[[ Input open ]]

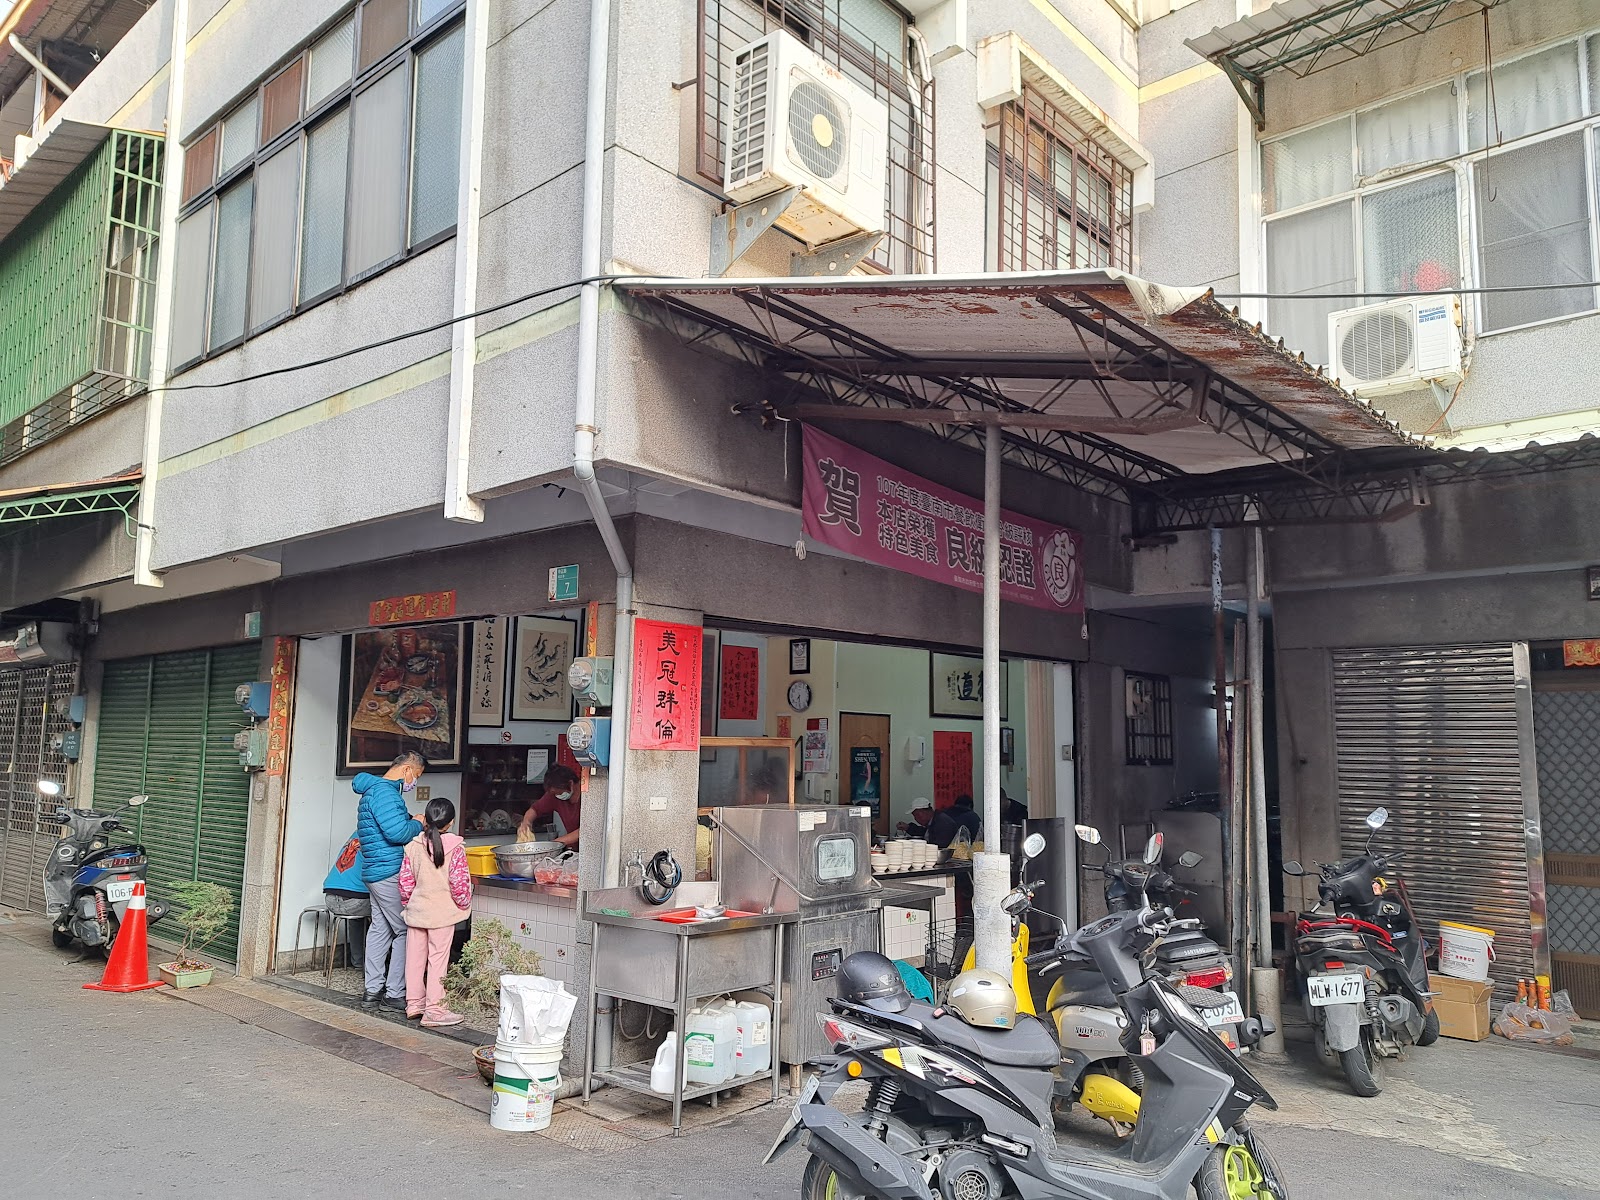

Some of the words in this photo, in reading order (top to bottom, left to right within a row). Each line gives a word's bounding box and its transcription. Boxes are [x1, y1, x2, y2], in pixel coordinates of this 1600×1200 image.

[818, 457, 862, 537] 賀
[877, 475, 1033, 547] 107年度臺南市餐飲衛級評核
[877, 498, 936, 541] 本店榮獲
[878, 523, 939, 566] 特色美食
[564, 582, 570, 594] 7
[1055, 561, 1066, 582] 良
[654, 629, 681, 741] 美冠群倫
[1310, 981, 1360, 999] MLW-1677
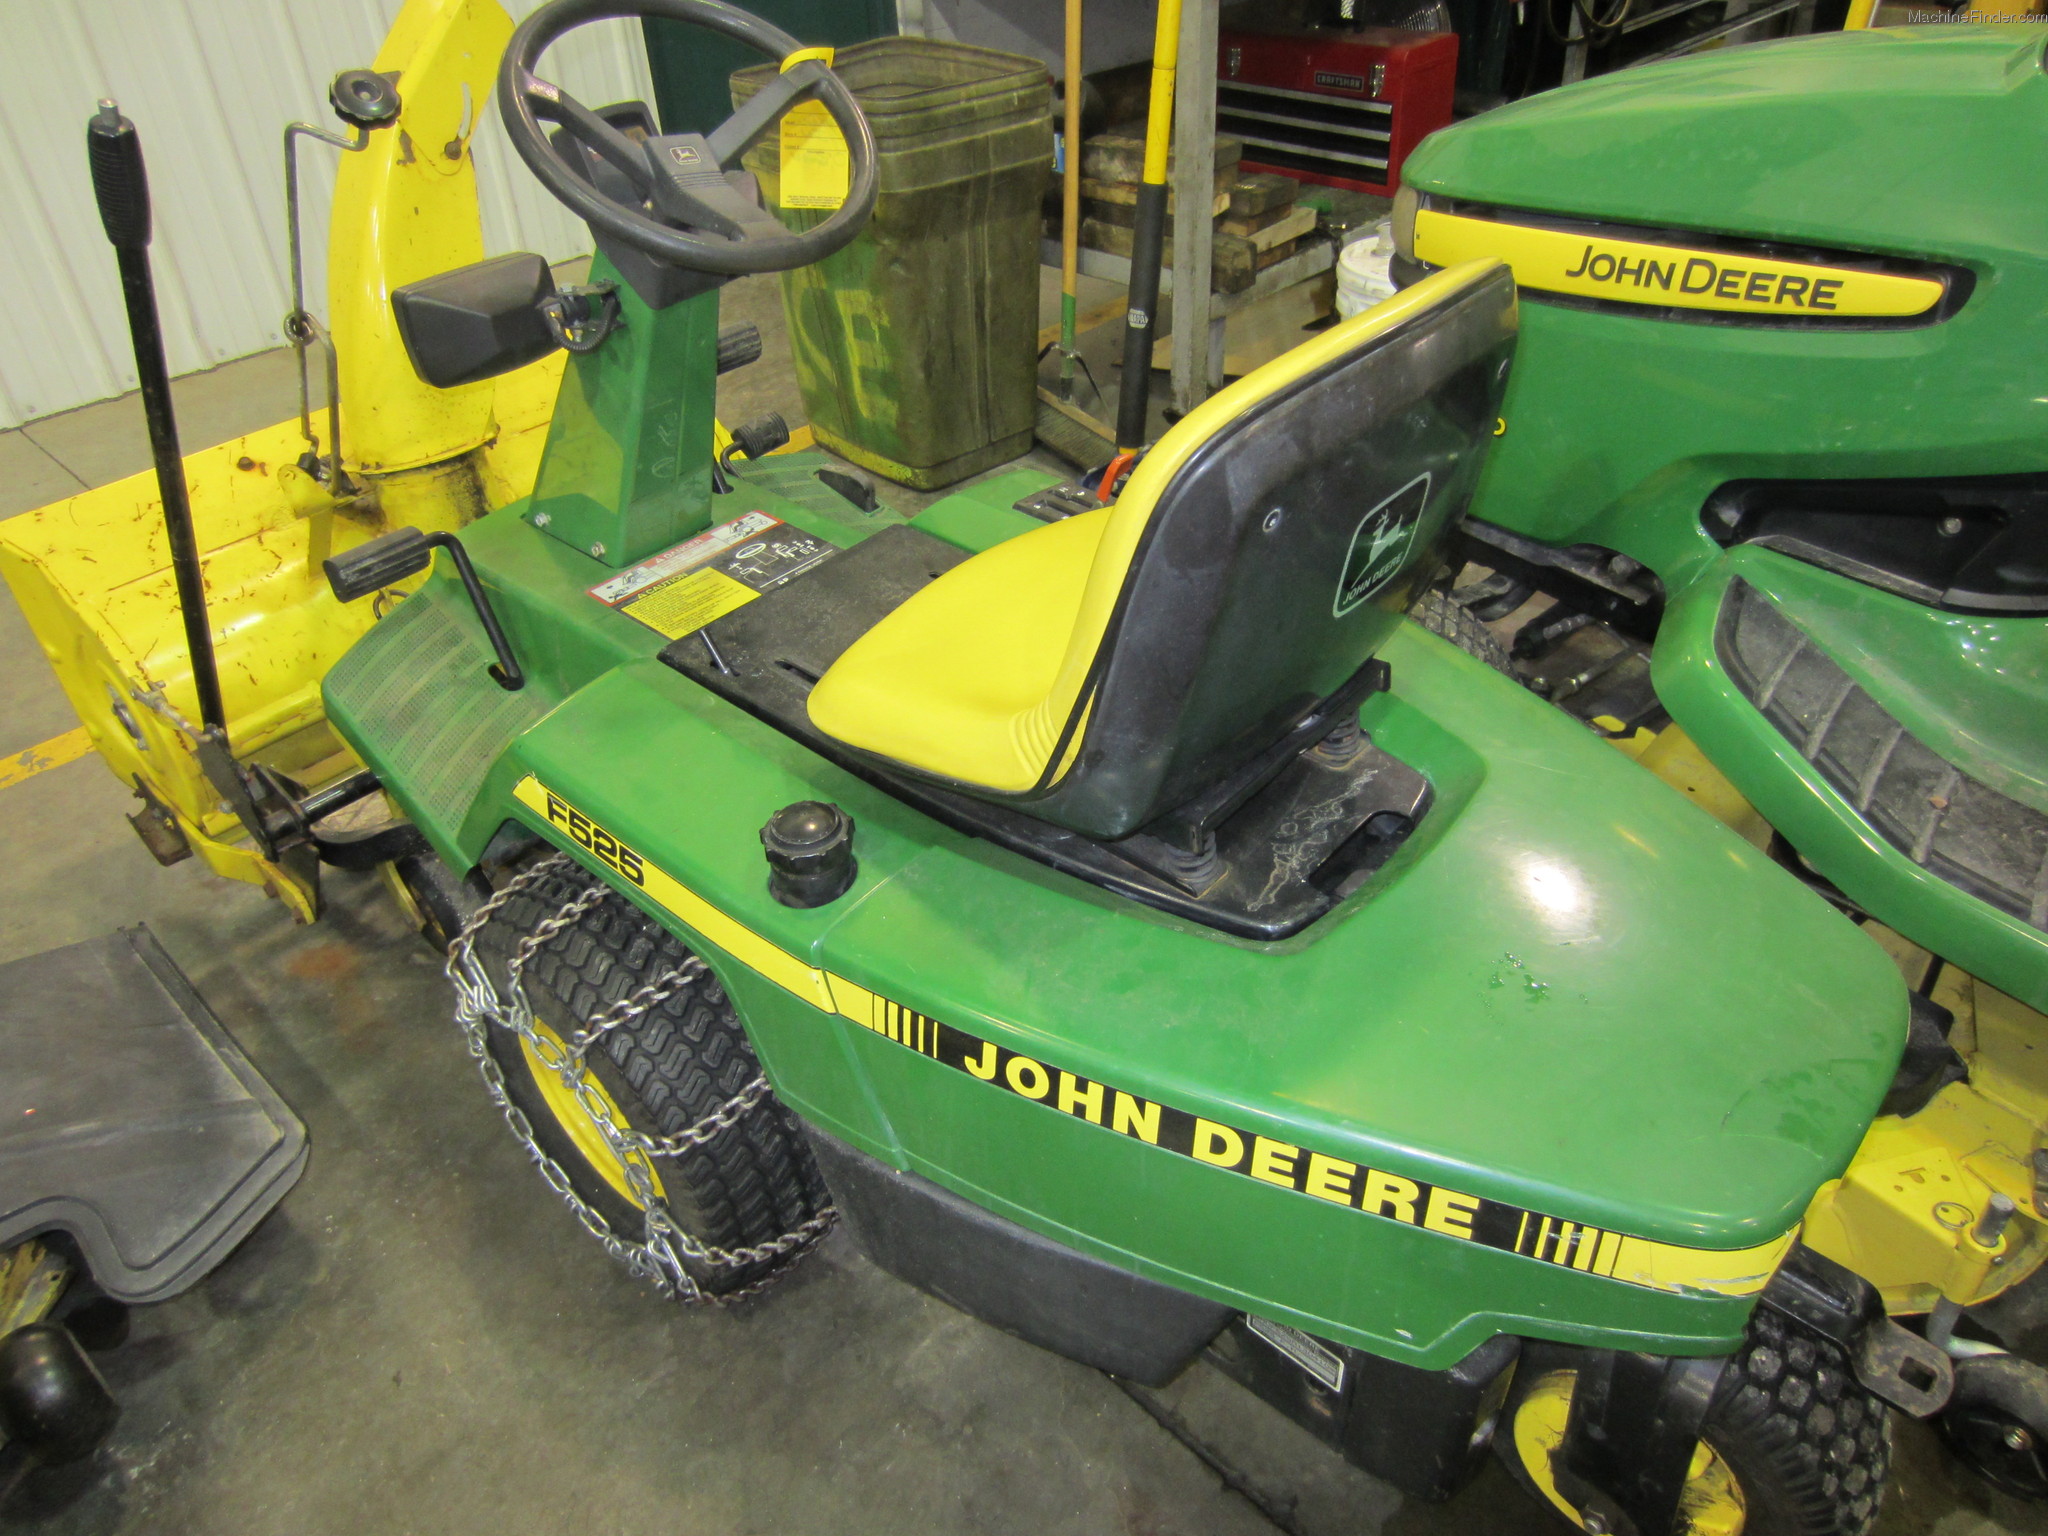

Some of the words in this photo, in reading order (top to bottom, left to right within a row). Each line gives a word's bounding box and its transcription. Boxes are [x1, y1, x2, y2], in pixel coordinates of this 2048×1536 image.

[1316, 74, 1362, 90] CRAFTSMAN
[1565, 245, 1677, 291] JOHN
[1679, 257, 1844, 310] DEERE
[645, 572, 689, 596] CAUTION
[1343, 576, 1372, 606] JOHN
[1371, 552, 1404, 584] DEERE
[546, 792, 645, 887] F525
[964, 1041, 1161, 1145] JOHN
[1192, 1117, 1480, 1240] DEERE
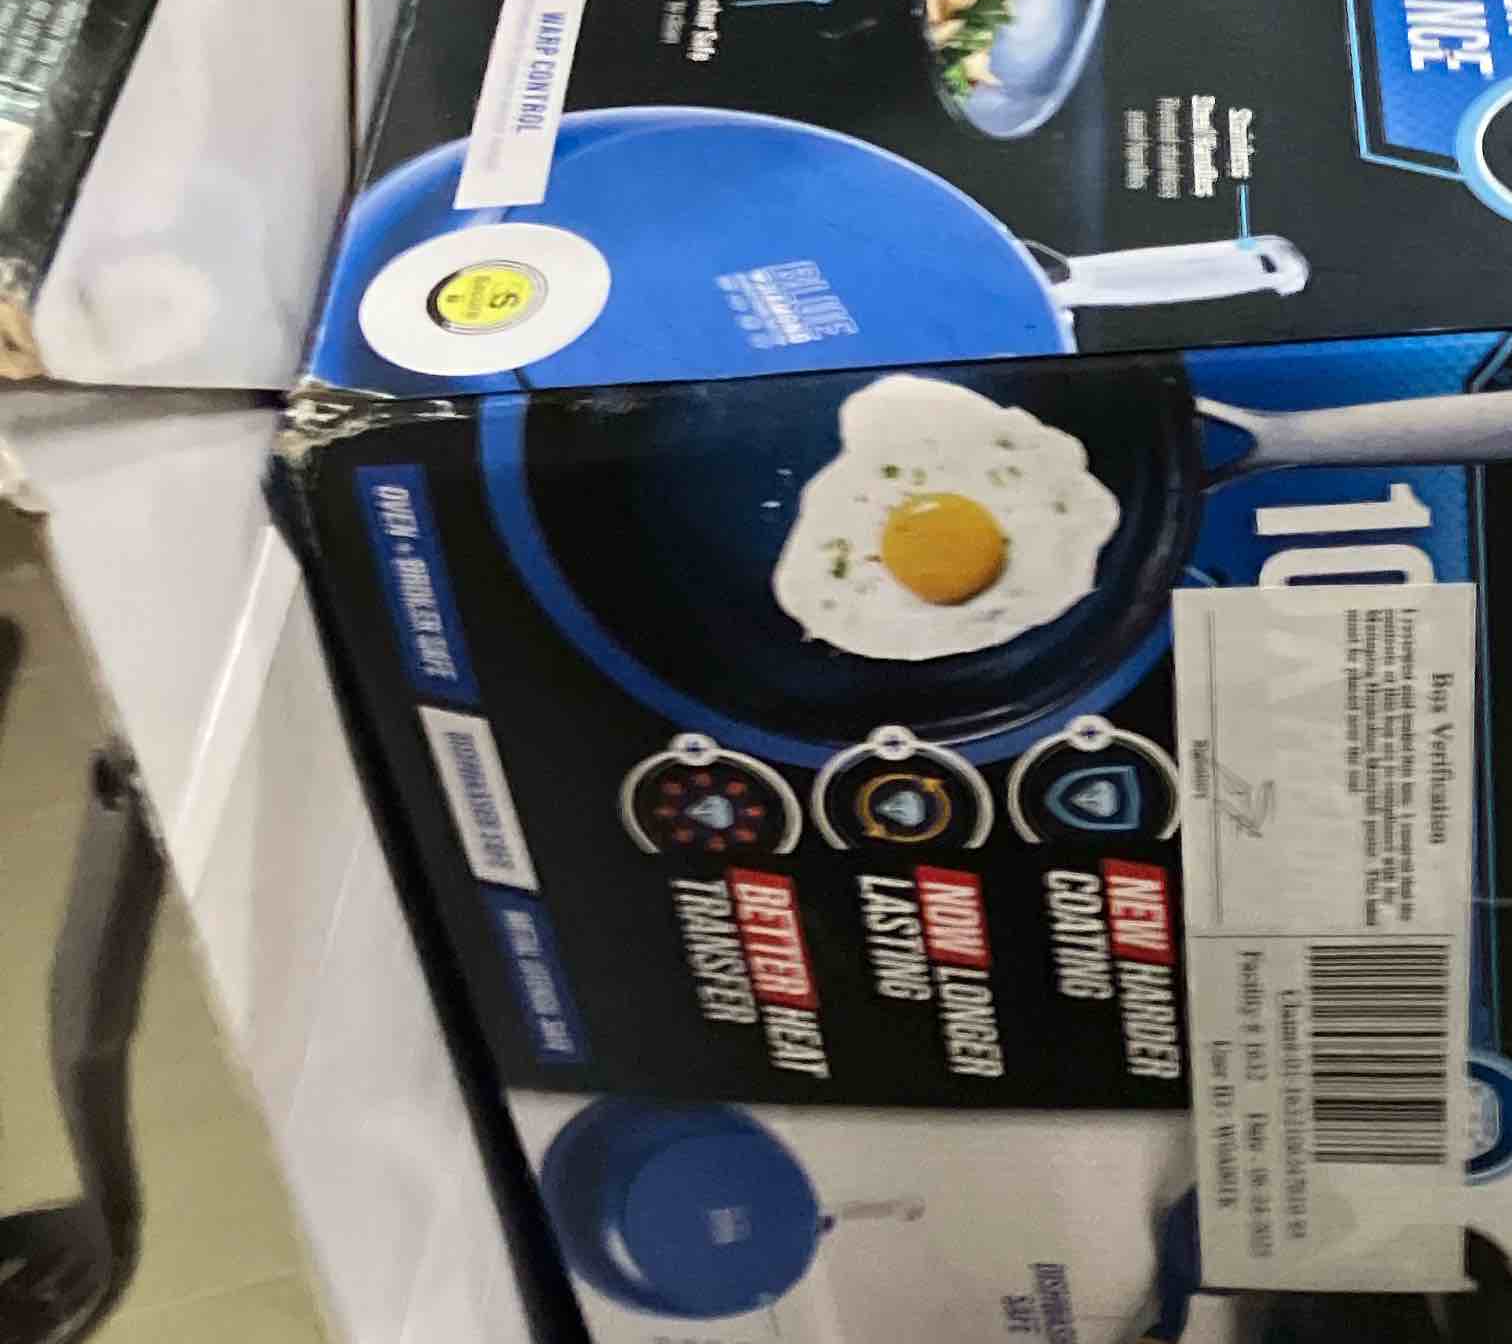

[[ Input closed ]]

What is needed is every line of the data above, set down exactly but with the images left out.

Some of the words in this photo, in reading order (top to bottom, left to right within a row). Each line gives a word's bounding box and its transcription. Boxes are [x1, y1, x2, y2], in pixel coordinates of this 1600×1200 image.

[818, 457, 862, 537] 賀
[877, 475, 1033, 547] 107年度臺南市餐飲衛級評核
[877, 498, 936, 541] 本店榮獲
[878, 523, 939, 566] 特色美食
[564, 582, 570, 594] 7
[1055, 561, 1066, 582] 良
[654, 629, 681, 741] 美冠群倫
[1310, 981, 1360, 999] MLW-1677

Some of the words in this photo, in reading order (top to bottom, left to right within a row). Each line gives a word's bounding box and its transcription. Boxes are [x1, y1, x2, y2], in pixel coordinates of this 2048×1536 image.

[1316, 74, 1362, 90] CRAFTSMAN
[1565, 245, 1677, 291] JOHN
[1679, 257, 1844, 310] DEERE
[645, 572, 689, 596] CAUTION
[1343, 576, 1372, 606] JOHN
[1371, 552, 1404, 584] DEERE
[546, 792, 645, 887] F525
[964, 1041, 1161, 1145] JOHN
[1192, 1117, 1480, 1240] DEERE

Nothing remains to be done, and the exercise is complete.